START PROVIDED RECORDS

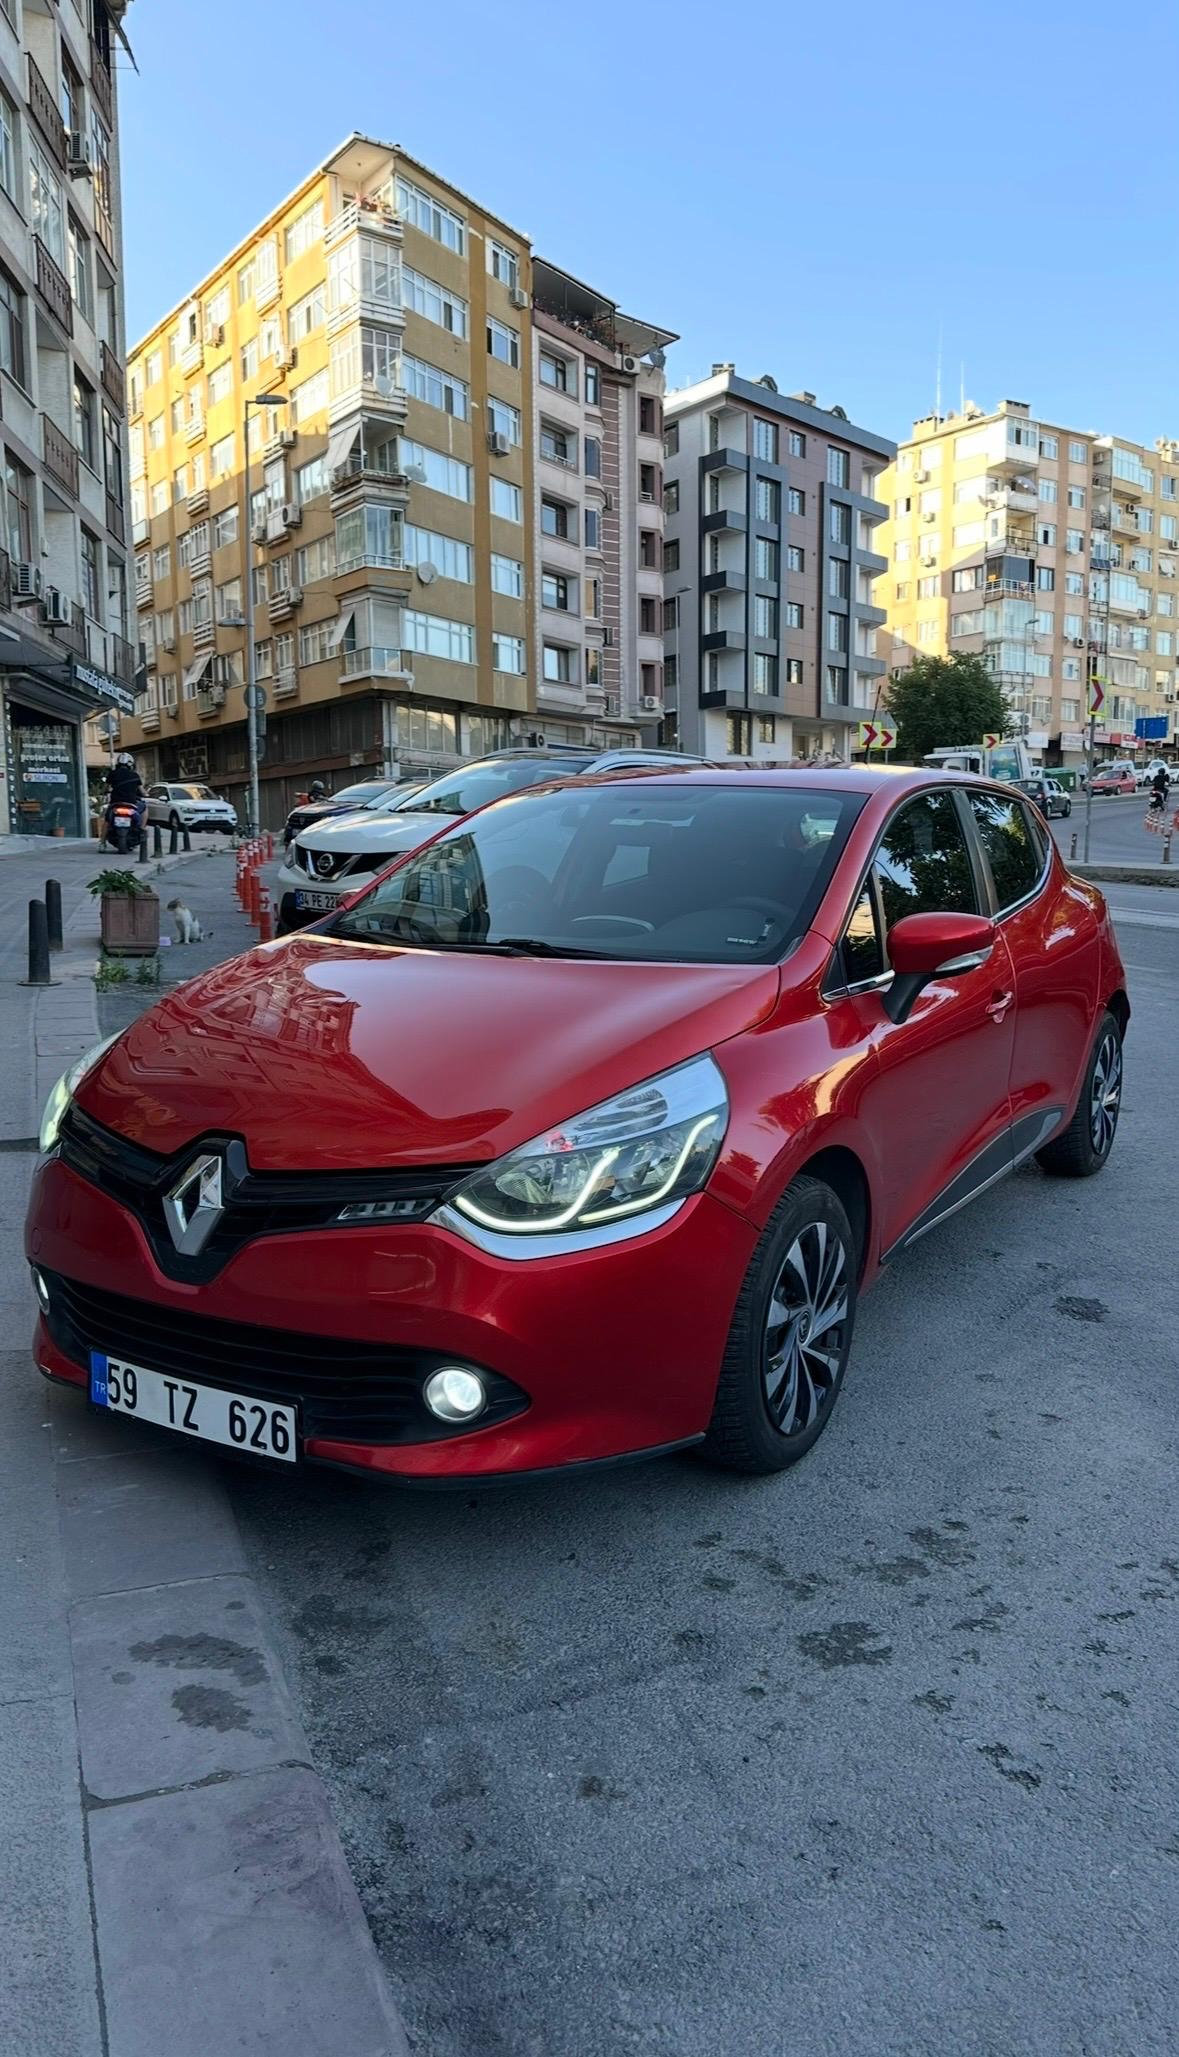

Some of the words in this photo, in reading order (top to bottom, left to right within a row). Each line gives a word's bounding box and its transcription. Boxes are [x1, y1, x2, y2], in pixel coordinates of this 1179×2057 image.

[311, 894, 323, 908] PE
[95, 1380, 106, 1395] TR
[108, 1362, 138, 1410] 59
[163, 1380, 199, 1431] TZ
[228, 1399, 290, 1455] 626
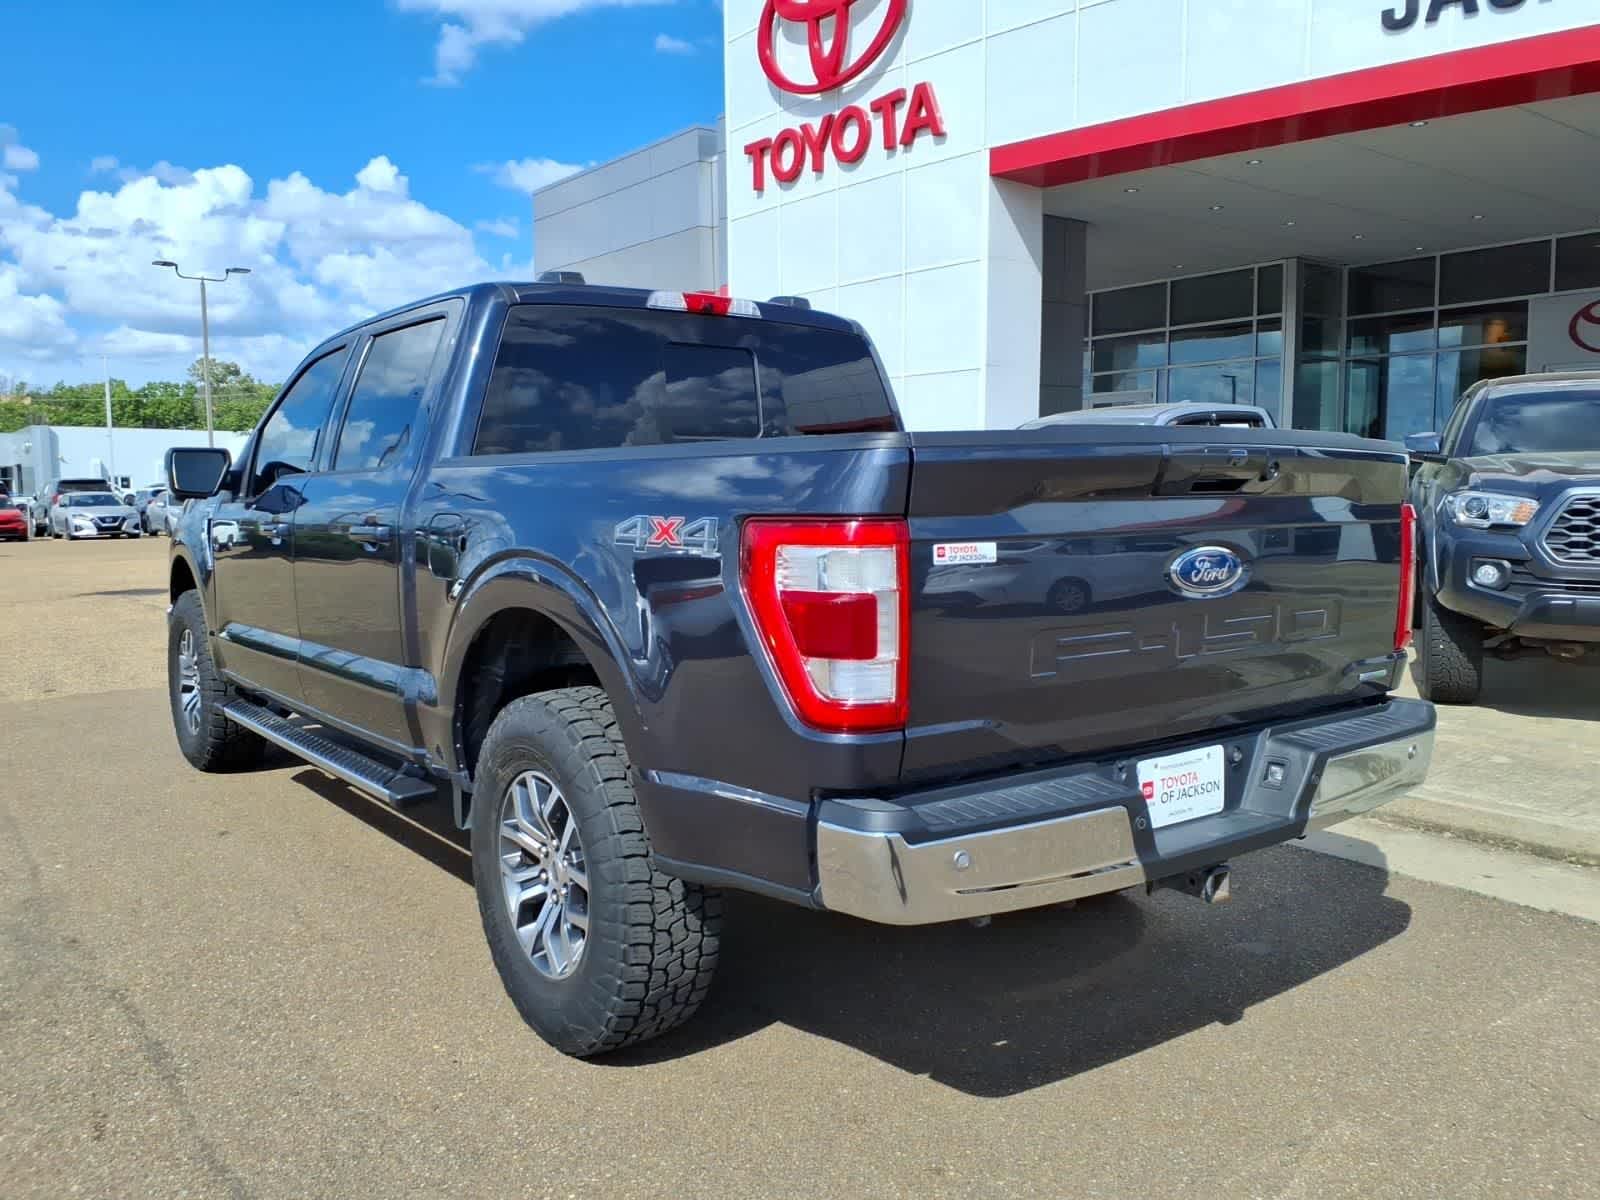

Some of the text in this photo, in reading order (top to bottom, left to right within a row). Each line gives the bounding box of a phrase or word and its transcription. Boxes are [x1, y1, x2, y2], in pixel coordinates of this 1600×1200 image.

[744, 82, 945, 192] TOYOTA
[948, 545, 978, 554] TOYOTA
[1191, 556, 1230, 582] Ford
[1160, 771, 1198, 790] TOYOTA
[1160, 780, 1220, 804] OF JACKSON
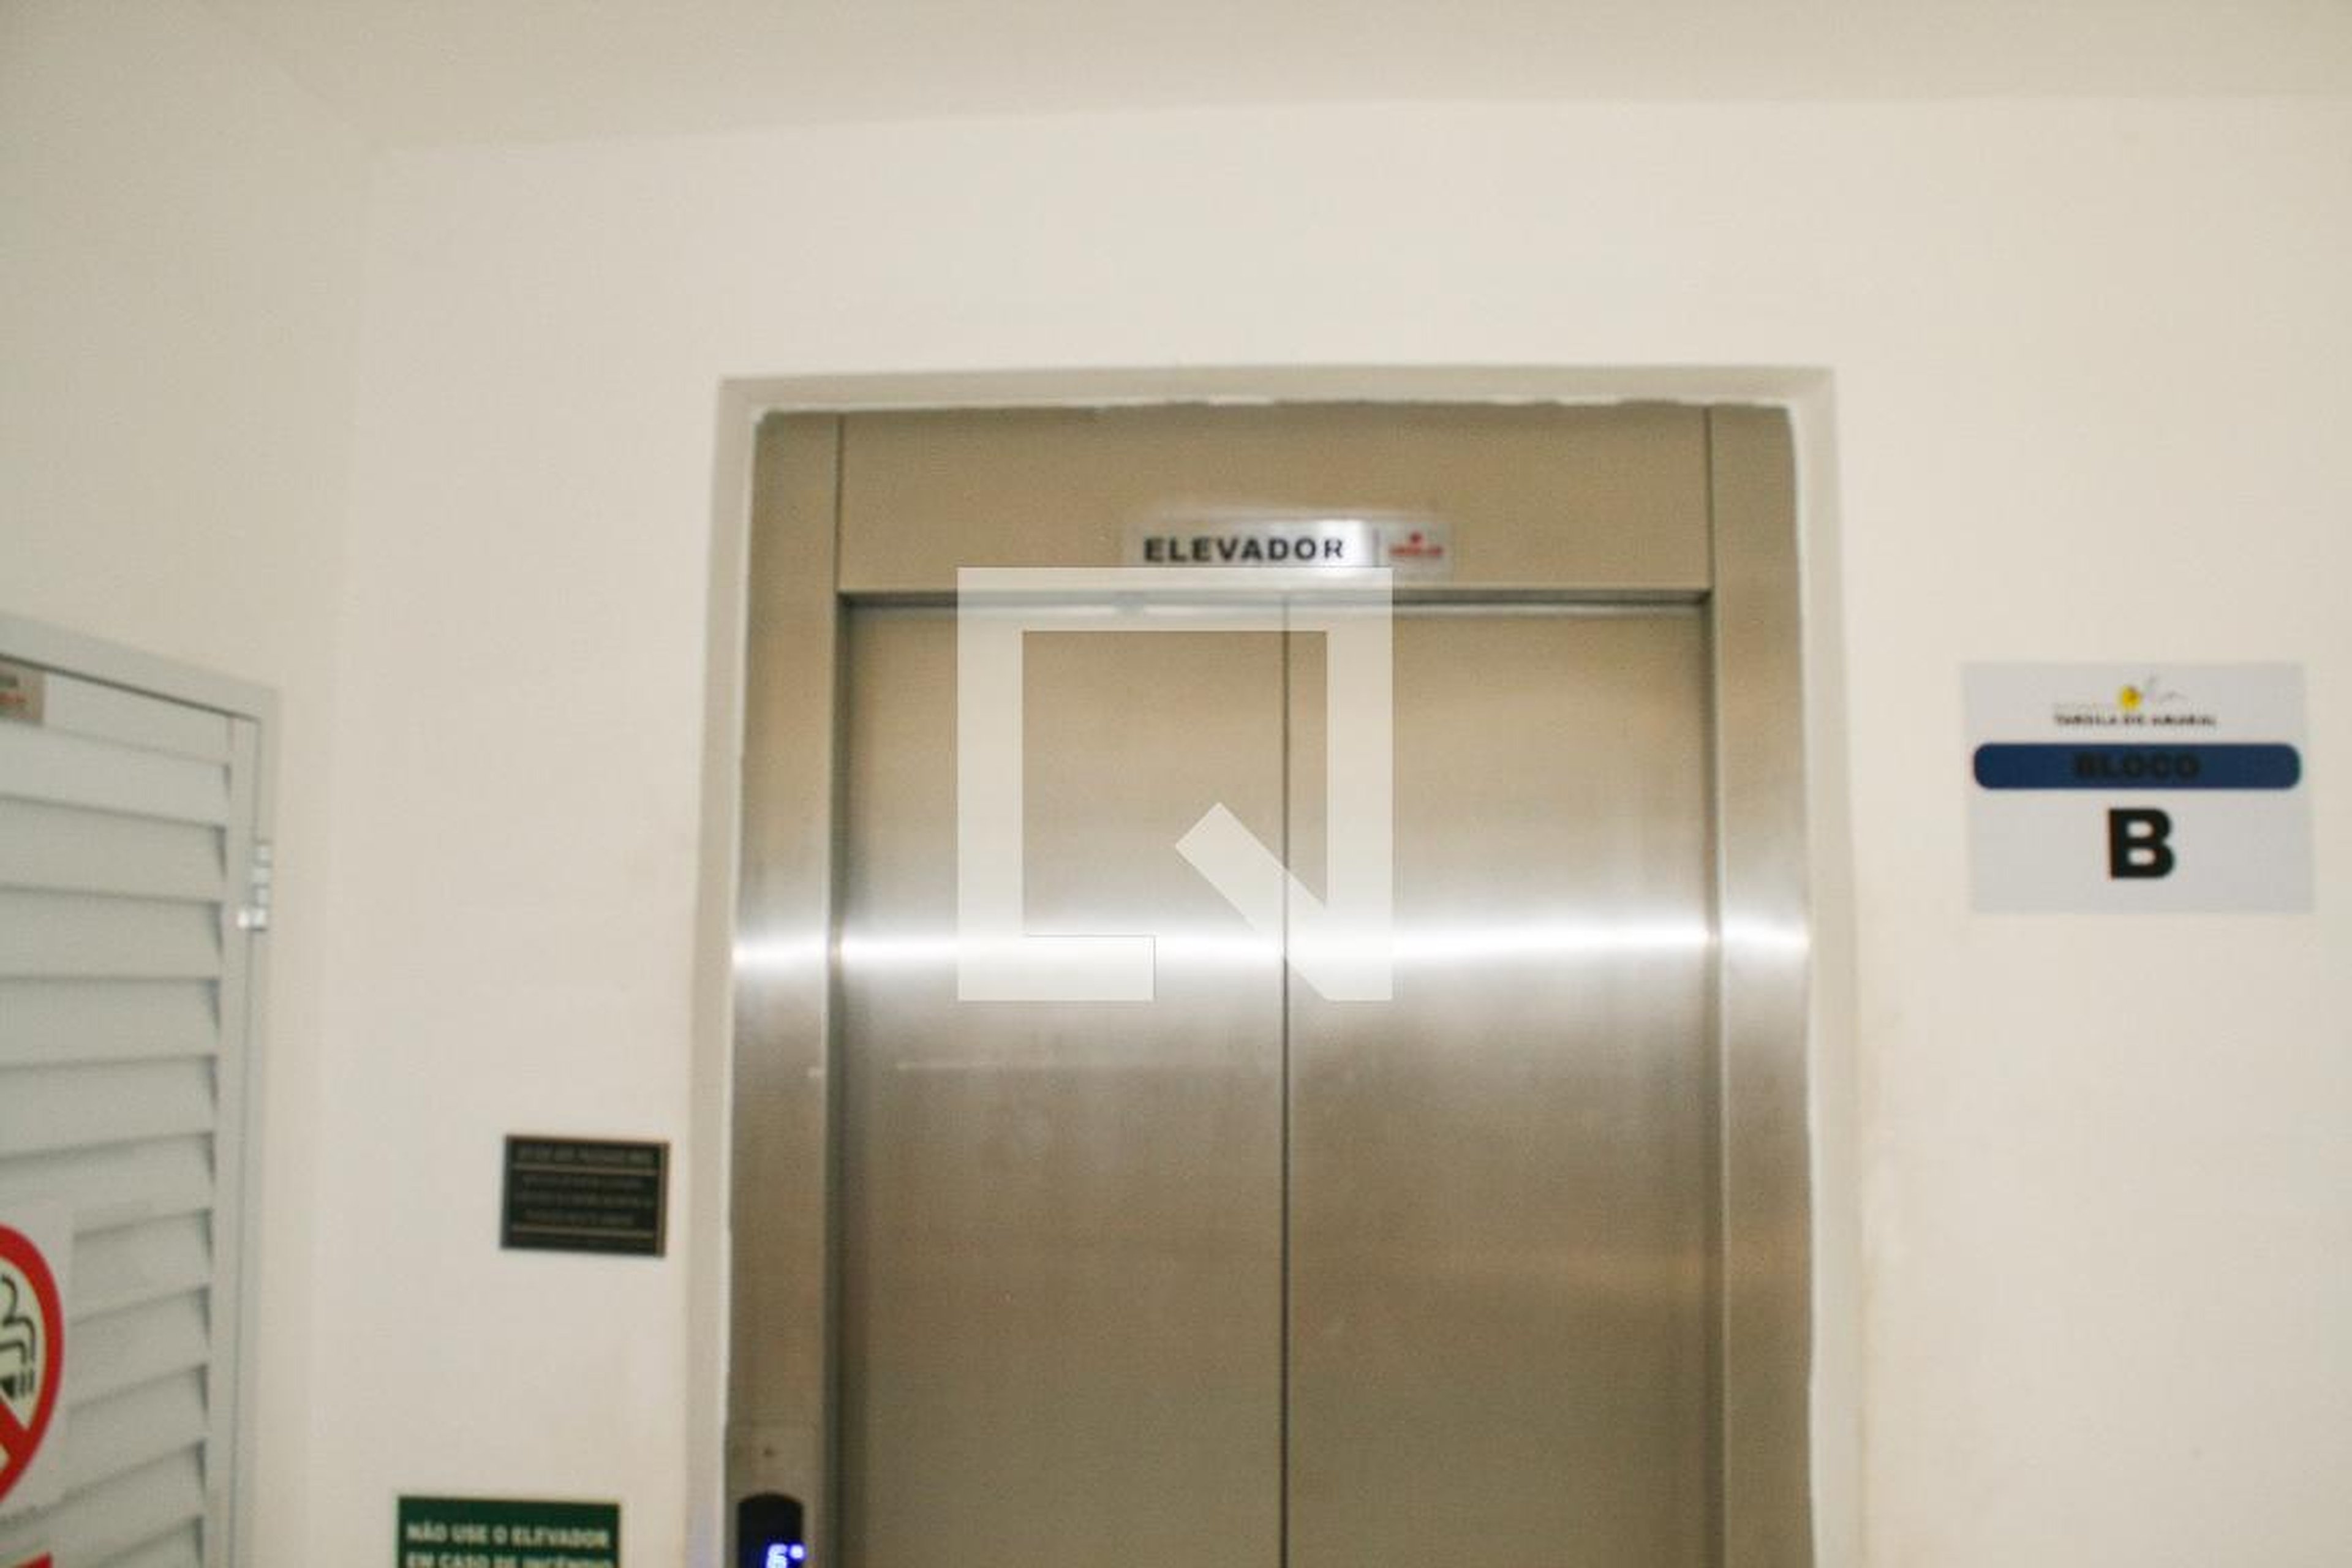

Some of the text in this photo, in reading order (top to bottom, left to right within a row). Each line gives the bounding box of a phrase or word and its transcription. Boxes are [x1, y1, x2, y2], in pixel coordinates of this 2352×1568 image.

[1144, 537, 1344, 563] ELEVADOR
[2073, 752, 2201, 779] BLOCO
[2108, 808, 2175, 879] B
[492, 1524, 508, 1545] O
[511, 1526, 610, 1549] ELEVADOR

END PROVIDED RECORDS

_ABOUT THIS EXERCISE_: Make an exact copy of the lines of the records from the line containing "this 1600×1200 image." through the final line, both ends included, but not of the pictures.

_RESPONSE TO THE EXERCISE_:
Some of the text in this photo, in reading order (top to bottom, left to right within a row). Each line gives the bounding box of a phrase or word and its transcription. Boxes are [x1, y1, x2, y2], in pixel coordinates of this 1600×1200 image.

[744, 82, 945, 192] TOYOTA
[948, 545, 978, 554] TOYOTA
[1191, 556, 1230, 582] Ford
[1160, 771, 1198, 790] TOYOTA
[1160, 780, 1220, 804] OF JACKSON

Some of the text in this photo, in reading order (top to bottom, left to right within a row). Each line gives the bounding box of a phrase or word and its transcription. Boxes are [x1, y1, x2, y2], in pixel coordinates of this 2352×1568 image.

[1144, 537, 1344, 563] ELEVADOR
[2073, 752, 2201, 779] BLOCO
[2108, 808, 2175, 879] B
[492, 1524, 508, 1545] O
[511, 1526, 610, 1549] ELEVADOR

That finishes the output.